◆ **WORK TO BE COMPLETED**
Return the listing exactly, please; no pictures.

◆ **INPUT FOR THIS TASK**
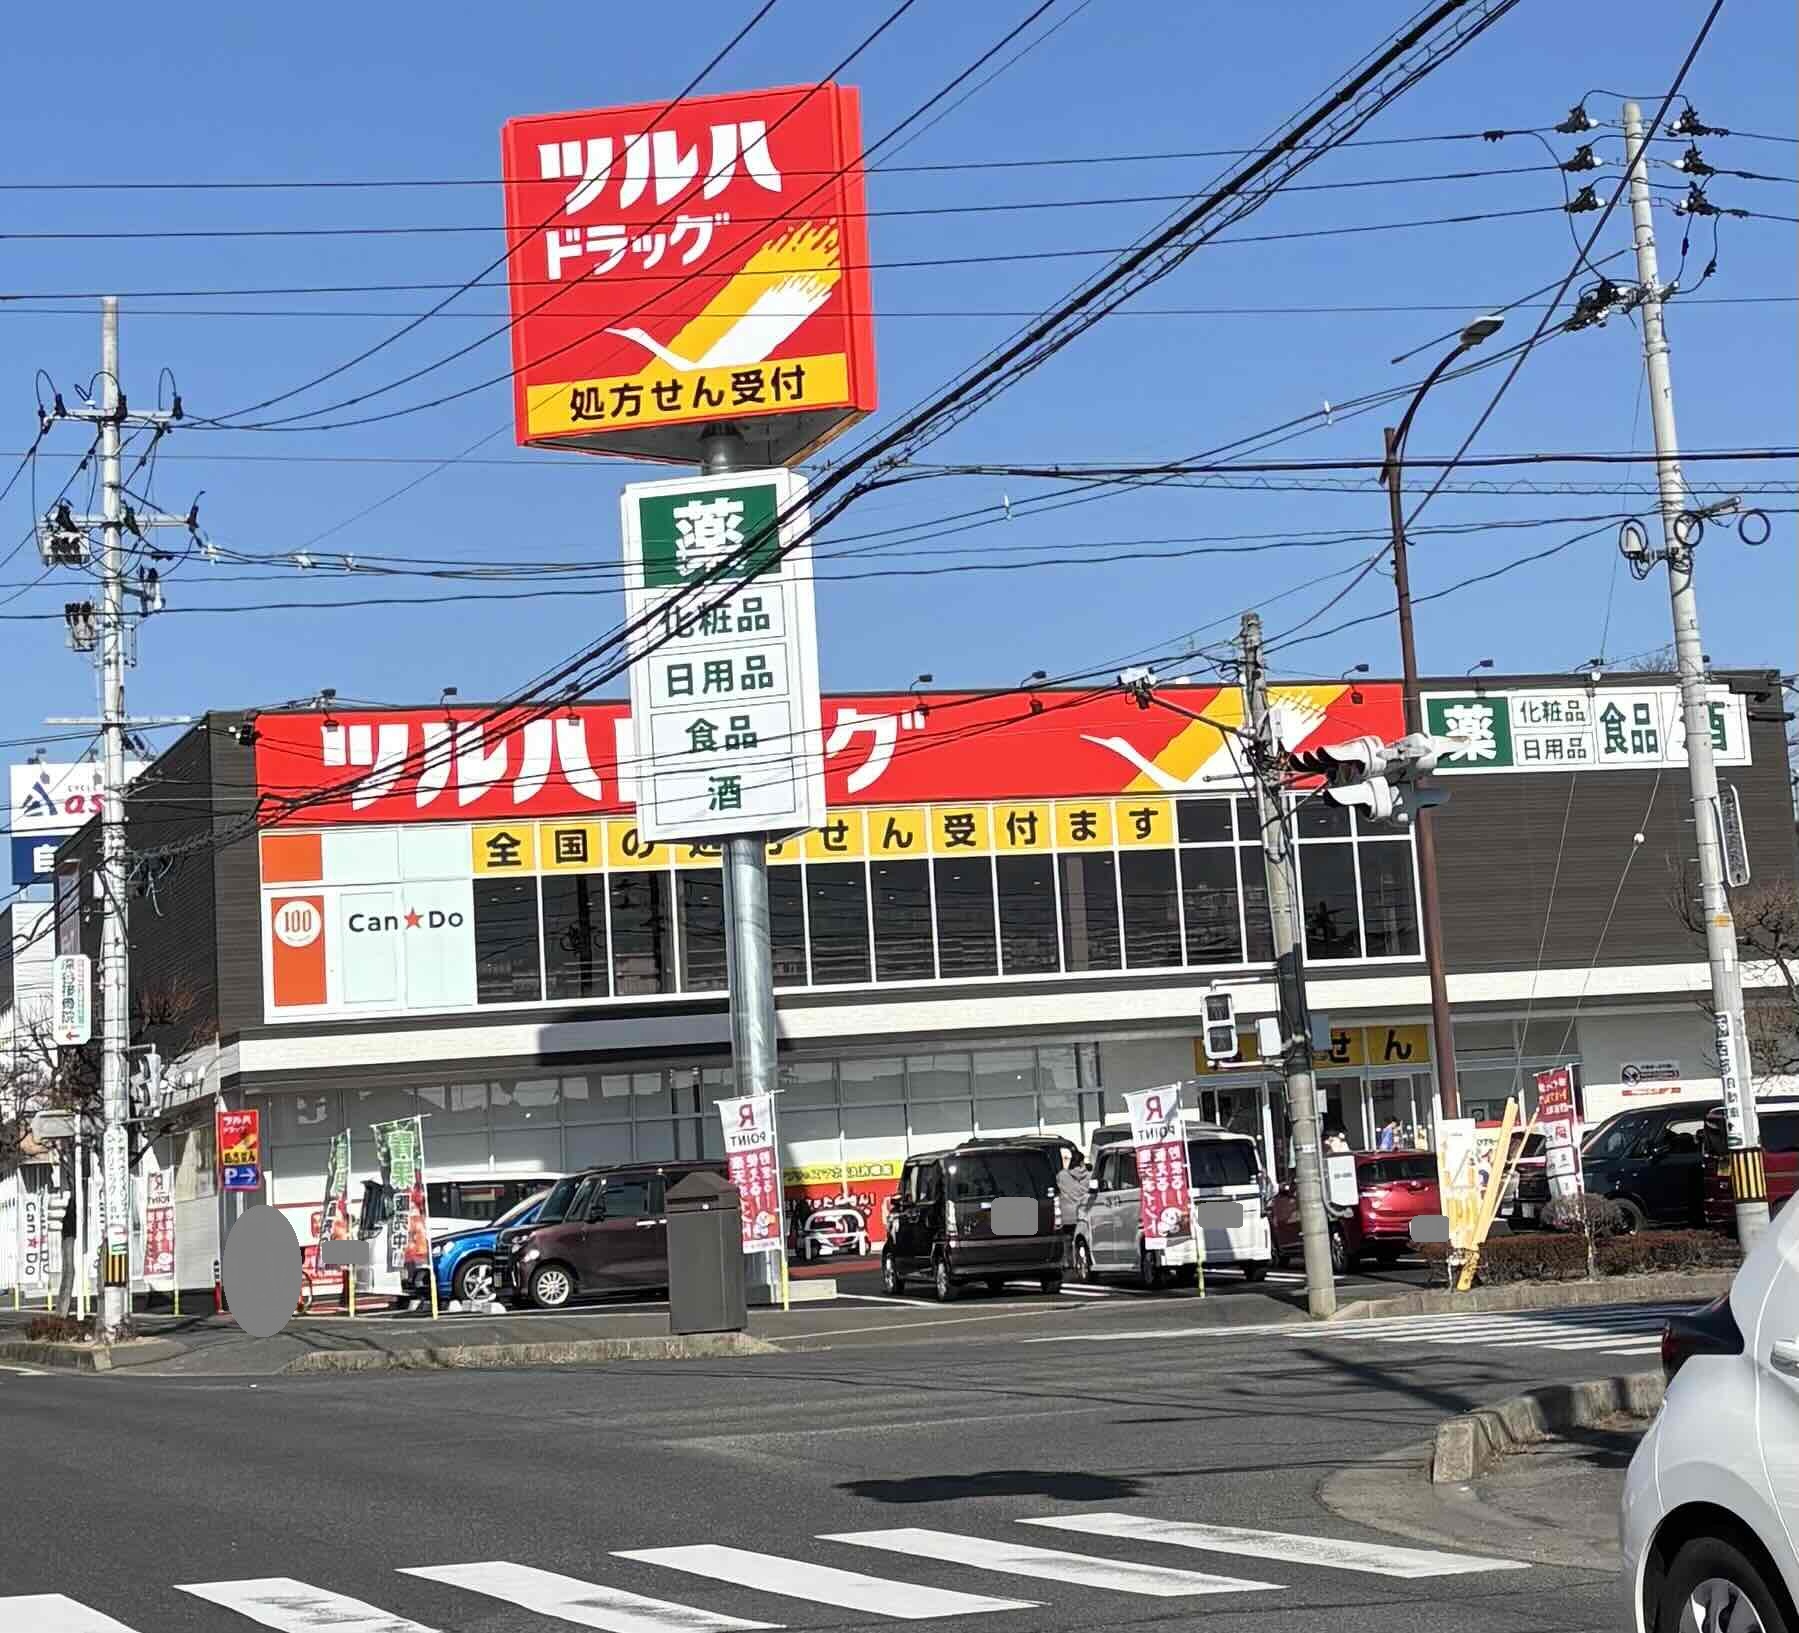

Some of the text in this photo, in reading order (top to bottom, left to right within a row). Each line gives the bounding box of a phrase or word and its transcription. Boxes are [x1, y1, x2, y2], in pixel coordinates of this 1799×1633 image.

[538, 120, 782, 215] ツルハ
[545, 211, 730, 280] ドラッグ
[570, 364, 806, 422] 処方せん受付
[673, 497, 746, 575] 薬
[662, 596, 771, 638] 化粧品
[666, 655, 774, 697] 日用品
[1444, 704, 1497, 761] 薬
[1520, 701, 1587, 724] 化粧品
[1600, 701, 1659, 756] 食品
[685, 715, 758, 753] 食品
[1523, 737, 1588, 761] 日用品
[708, 776, 743, 811] 酒
[486, 807, 1159, 868] 全国のせん受付ます
[284, 909, 312, 933] 100
[224, 1167, 238, 1185] P

◆ **EXPECTED ANSWER**
Some of the text in this photo, in reading order (top to bottom, left to right within a row). Each line gives the bounding box of a phrase or word and its transcription. Boxes are [x1, y1, x2, y2], in pixel coordinates of this 1799×1633 image.

[538, 120, 782, 215] ツルハ
[545, 211, 730, 280] ドラッグ
[570, 364, 806, 422] 処方せん受付
[673, 497, 746, 575] 薬
[662, 596, 771, 638] 化粧品
[666, 655, 774, 697] 日用品
[1444, 704, 1497, 761] 薬
[1520, 701, 1587, 724] 化粧品
[1600, 701, 1659, 756] 食品
[685, 715, 758, 753] 食品
[1523, 737, 1588, 761] 日用品
[708, 776, 743, 811] 酒
[486, 807, 1159, 868] 全国のせん受付ます
[284, 909, 312, 933] 100
[224, 1167, 238, 1185] P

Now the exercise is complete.